-- EXERCISE INPUTS follows --

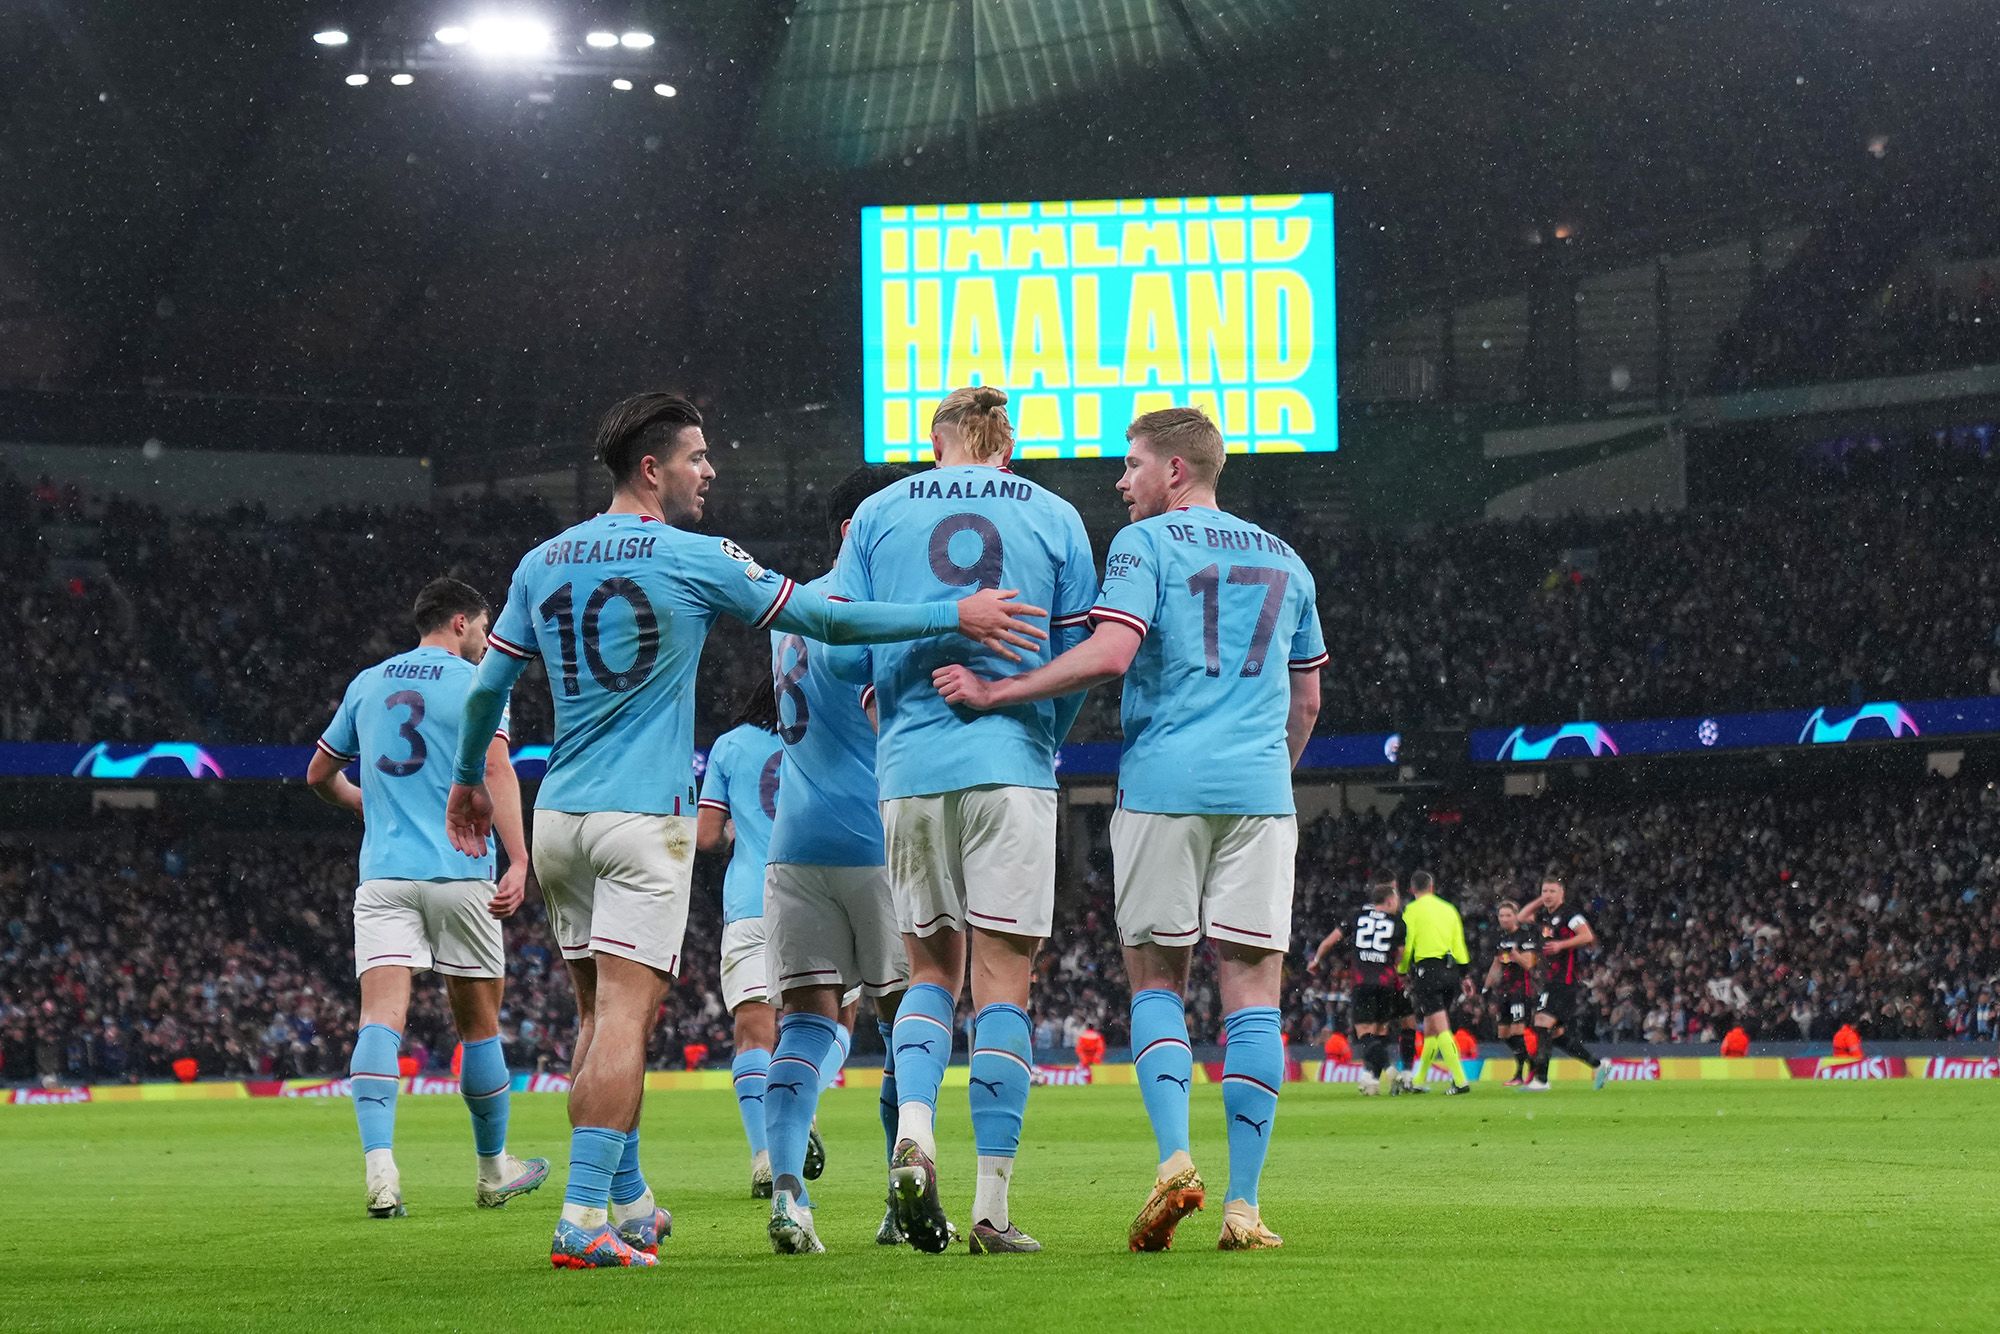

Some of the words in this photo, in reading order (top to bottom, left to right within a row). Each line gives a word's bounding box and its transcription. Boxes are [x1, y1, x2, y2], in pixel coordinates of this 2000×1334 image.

[881, 268, 1314, 392] HAALAND
[909, 479, 1033, 502] HAALAND
[544, 537, 657, 566] GREALISH
[928, 512, 1004, 591] 9
[1166, 524, 1198, 545] DE
[1203, 527, 1293, 558] BRUYNE
[539, 576, 659, 696] 10
[1185, 563, 1290, 678] 17
[383, 660, 443, 681] RÚBEN
[774, 633, 810, 745] 8
[375, 690, 427, 777] 3
[1355, 915, 1395, 951] 22
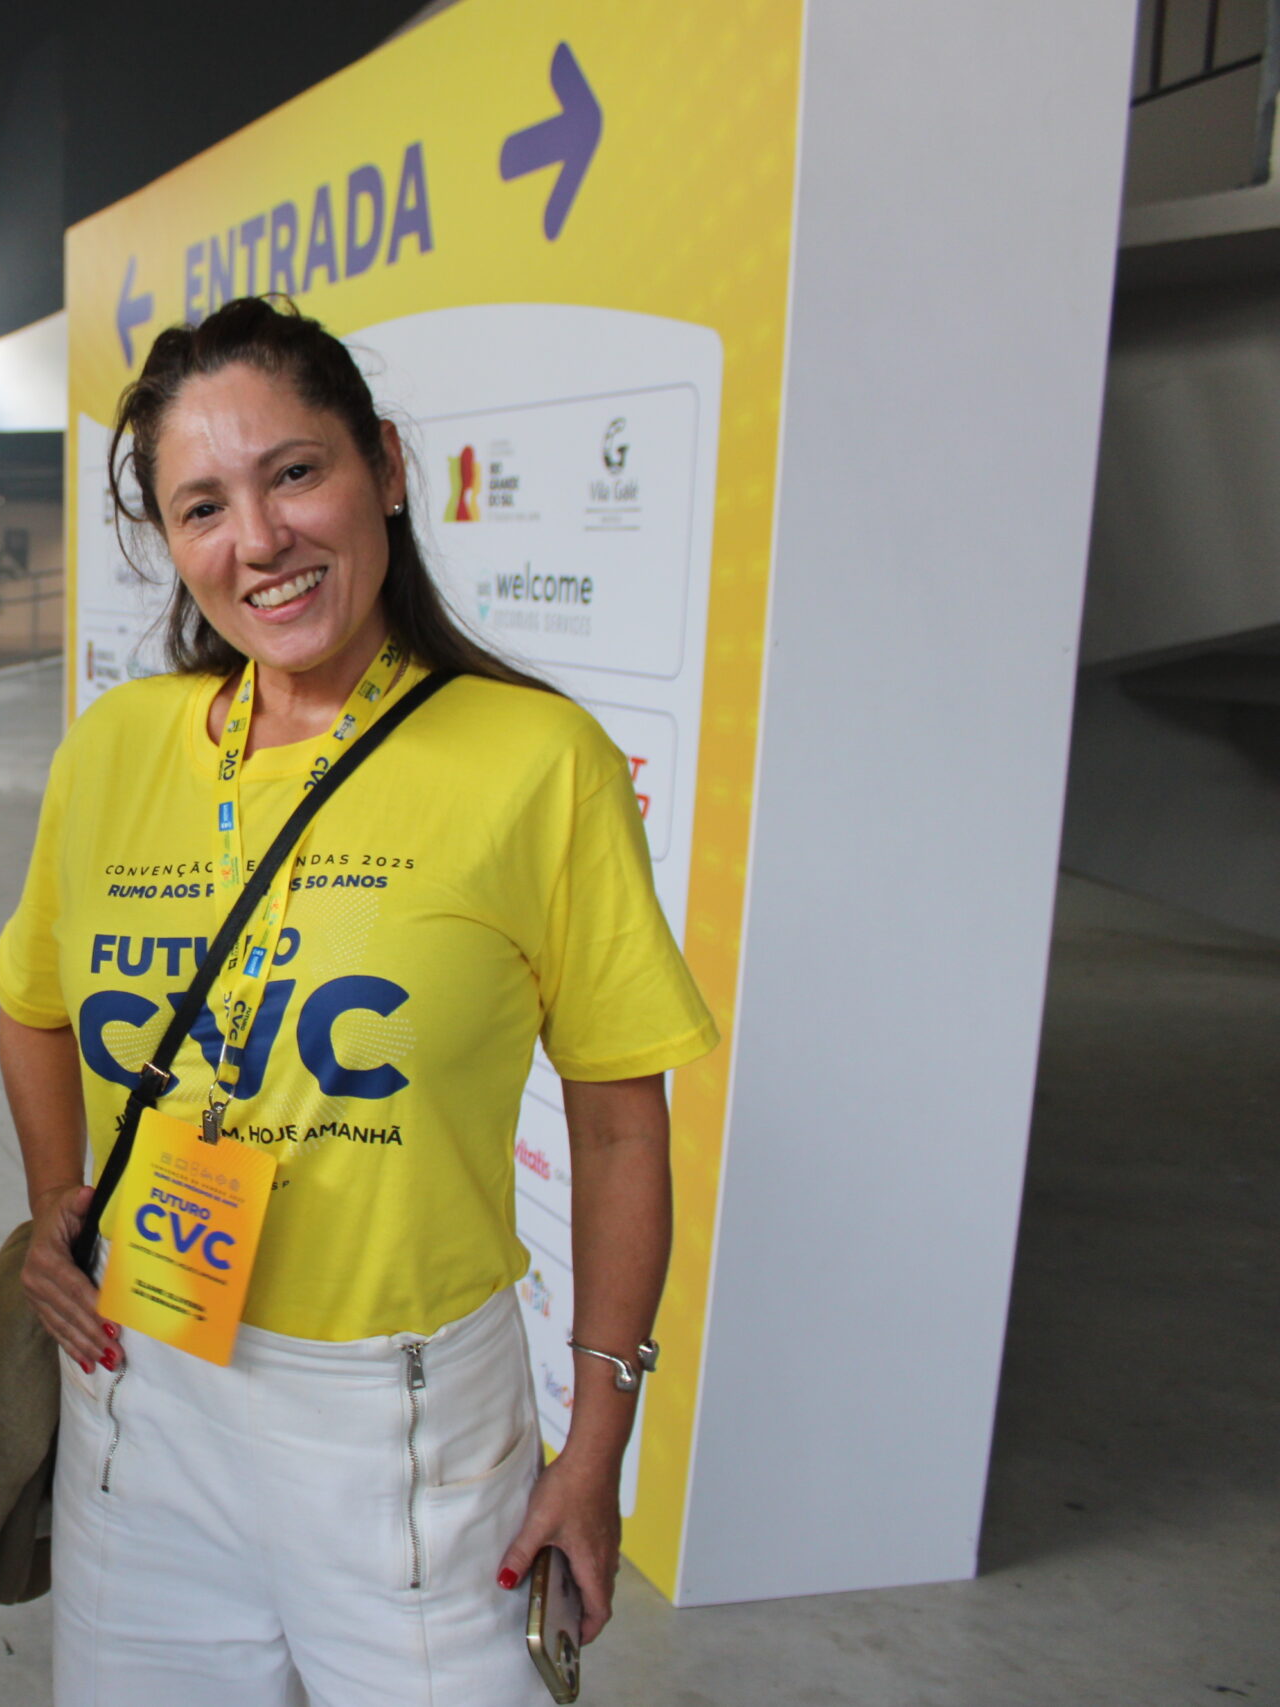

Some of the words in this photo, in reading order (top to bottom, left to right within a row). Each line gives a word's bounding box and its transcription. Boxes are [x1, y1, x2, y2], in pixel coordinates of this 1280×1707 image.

[185, 140, 434, 330] ENTRADA
[496, 560, 593, 605] welcome
[223, 749, 239, 781] CVC
[296, 854, 349, 868] NDAS
[362, 855, 415, 869] 2025
[108, 884, 157, 899] RUMO
[160, 884, 200, 899] AOS
[305, 875, 328, 889] 50
[331, 874, 388, 889] ANOS
[91, 926, 302, 977] FUTO
[79, 974, 410, 1100] CVC
[229, 1000, 247, 1041] CVC
[249, 1124, 298, 1144] HOJE
[304, 1122, 403, 1146] AMANHÃ
[150, 1187, 212, 1220] FUTURO
[134, 1203, 237, 1271] CVC

-- EXERCISE INPUTS concluded --

* _WHAT THE TASK ASKS_
Up to and including the last line of the material, reproduce every line exactly, beginning with the one that contains "this 1280×1707 image." and adding nothing else.

* _EXERCISE RESULT_
Some of the words in this photo, in reading order (top to bottom, left to right within a row). Each line gives a word's bounding box and its transcription. Boxes are [x1, y1, x2, y2], in pixel coordinates of this 1280×1707 image.

[185, 140, 434, 330] ENTRADA
[496, 560, 593, 605] welcome
[223, 749, 239, 781] CVC
[296, 854, 349, 868] NDAS
[362, 855, 415, 869] 2025
[108, 884, 157, 899] RUMO
[160, 884, 200, 899] AOS
[305, 875, 328, 889] 50
[331, 874, 388, 889] ANOS
[91, 926, 302, 977] FUTO
[79, 974, 410, 1100] CVC
[229, 1000, 247, 1041] CVC
[249, 1124, 298, 1144] HOJE
[304, 1122, 403, 1146] AMANHÃ
[150, 1187, 212, 1220] FUTURO
[134, 1203, 237, 1271] CVC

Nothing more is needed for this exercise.